Over the years I’ve used many a desktop environment or window manager for my graphical desktop. In the beginning it was FVWM (1.x), a later update brought me AnotherLevel (basically Red Hat’s branded FVWM), I also toyed with OLVWM, WindowMaker, AfterStep, CTWM and a few others.

KDE was one of the few that I’ve used long-term. I loved KDE 1.0 when it was first released. Gnome 1.0 came out, and I soon switched over, but it was only a matter or a month or two and I was back to KDE. Likewise with XFCE, did try it for a little while, but then I returned. Lately, KDE has been getting a bit bloaty for my liking. Thus, I’ve been on the window manager trail, and for now, I’m back with FVWM.

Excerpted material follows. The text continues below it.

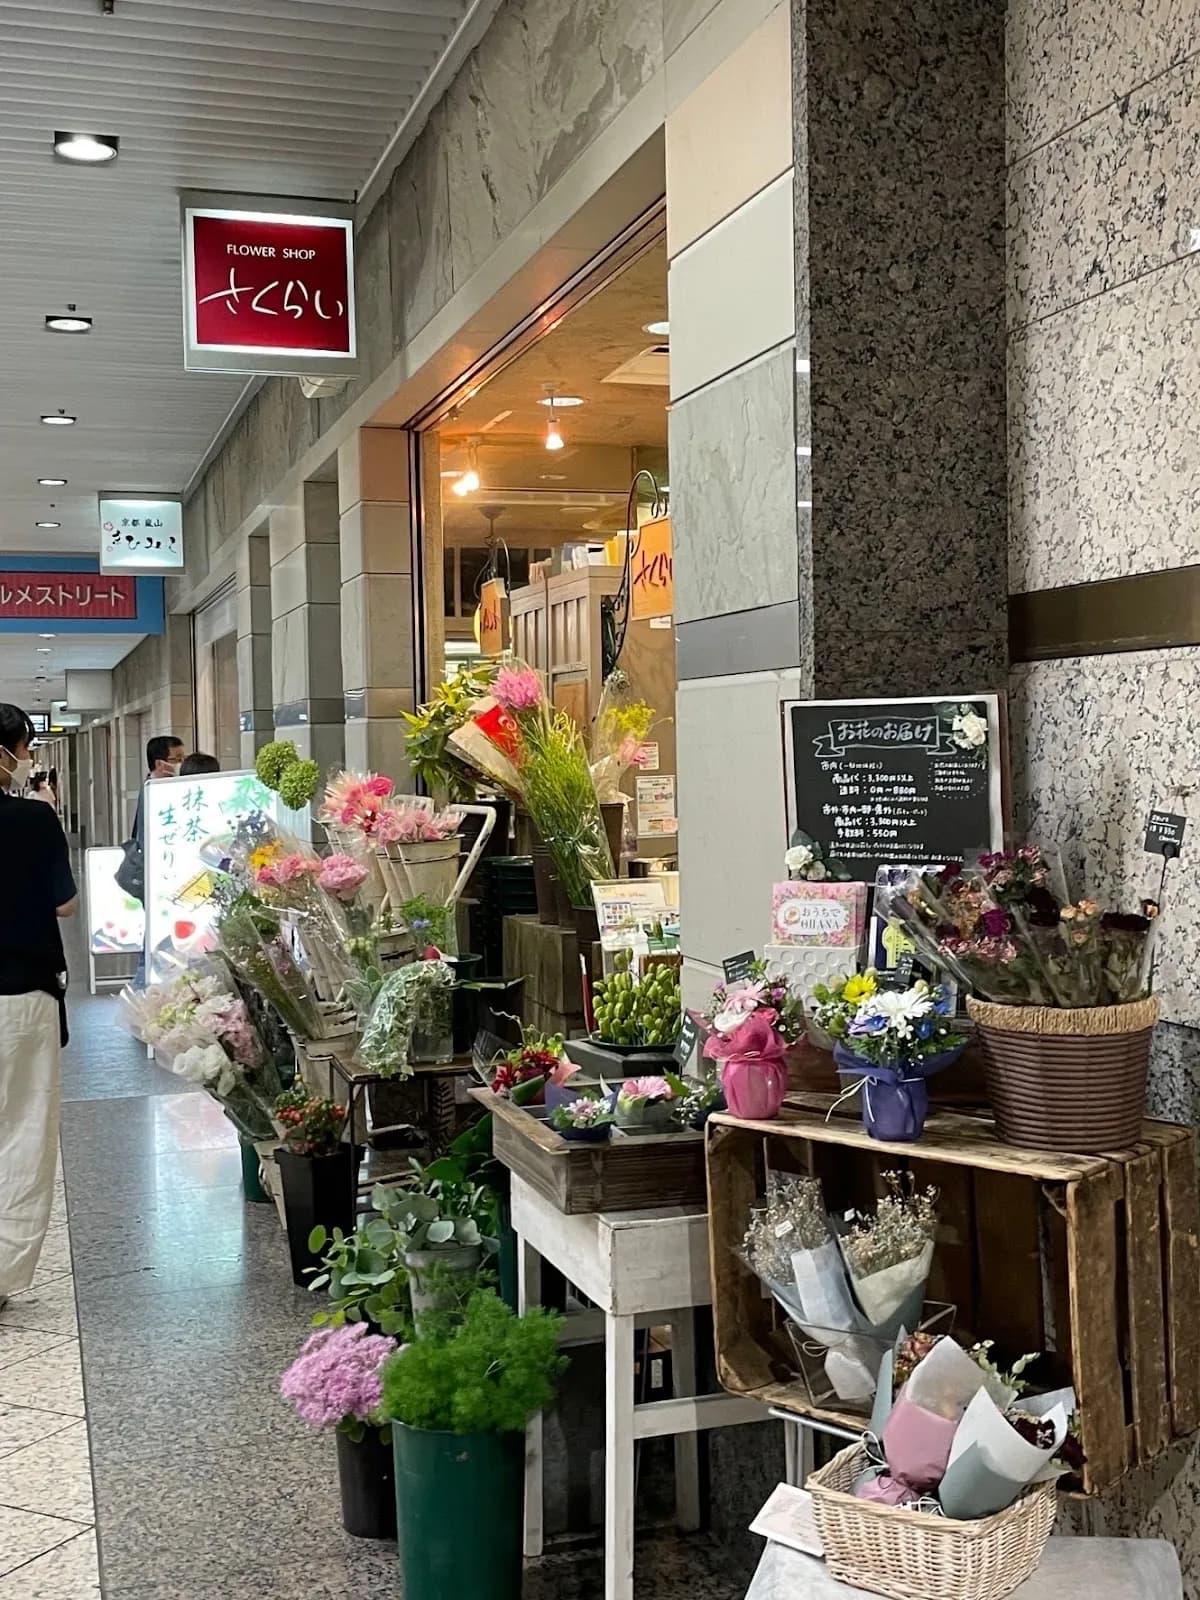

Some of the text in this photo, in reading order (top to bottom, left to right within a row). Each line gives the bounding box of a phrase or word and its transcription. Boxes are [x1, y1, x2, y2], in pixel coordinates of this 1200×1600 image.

This has worked well, except for one bug bear; I could not get the compose key to work. So I did some digging, and came up with the following:

setxkbmap -option compose:rwin

Add that to your .xinitrc, or you can do what I did, and add it to the FVWM start up scripts:
AddToFunc InitFunction
# Load the X Setup Scripts setting if we use it
+ I Exec [ -f $HOME/.xinitrc-fvwm ] && sh $HOME/.xinitrc-fvwm
+ I Exec exec awsetbg -a -r /home/stuartl/backdrops
+ I Exec exec kmix
+ I Exec exec klipper
+ I Exec exec blueman-manager
+ I Exec exec xscreensaver
+ I Exec exec setxkbmap -option compose:rwin

When you re-start your session, you should find the right logo key (“Windows” key, or in my case “Command” key, yes my machine is that fruity) will deliver the dead-key magic.